I love the flower head of this thistle-like plant, with its marvelous color change from pink to purple to white. The spiny bracts have little incurving hooks on their ends , adding a bit of whimsy. These are atop what now seem ordinary––leaves, rather than spikes and spines––the whole making an interesting story of contrasts.


  1. Thistles and Burdocks! Wonderful. They get more hate than love, so it's good to appreciate their forms and colors.
    Being in the aster family, the flower heads are compact collections of tiny florets -- each one has a little corolla-tube, and a pistil, and usually five tiny stamens. The silky fibers -- thistle down or dandelion parachutes -- are actually modified sepals, called pappus. They're worth opening up to look at closely, though approaching thistles is a job for leather gloves.

  2. Susan, thanks as always for your very informative comments; so that other plant is a burdock! I'll have to try to get a photo of the flower heads close up to see the structure that you describe.

  3. Interesting these thistle photos Altoon and your commentary - and Susan's comments. I should rather like to add the seed head to the homage blog images - Im now wondering of you will take and add more images.
    What was Susan referring to with the Burdocks?
    I took it that all three images were from the same thistle plant. Fascinating seed head.

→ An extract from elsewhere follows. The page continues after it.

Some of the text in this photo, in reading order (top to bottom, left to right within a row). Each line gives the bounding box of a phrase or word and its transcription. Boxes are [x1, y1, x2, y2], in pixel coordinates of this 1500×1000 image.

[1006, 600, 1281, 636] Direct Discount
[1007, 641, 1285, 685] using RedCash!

  4. Sophie, I'm not the naturalist Susan is and she pointed out that the third photo is a burdock not a thistle.

  5. Living in Scotland and being a trainee gardener, ive always wanted to grow a bed of thistles of different kind.Ive looked at loads of different pictures of thisles but the only kind i can find in my area are Bull,Creeping and Marsh thistles.I really like the look of the Elk thisle and Canadian one.I would like to grow others form around the world but some wont grow hear cause of the cold.Does any one sell seeds of thistles? or could post me some i would be very greatfull.

    1. hi Sam, sorry but I don't know of thistle suppliers. I've seen the spectacular Scotch thistle grown in a garden here, but I imagine you've got plenty of that.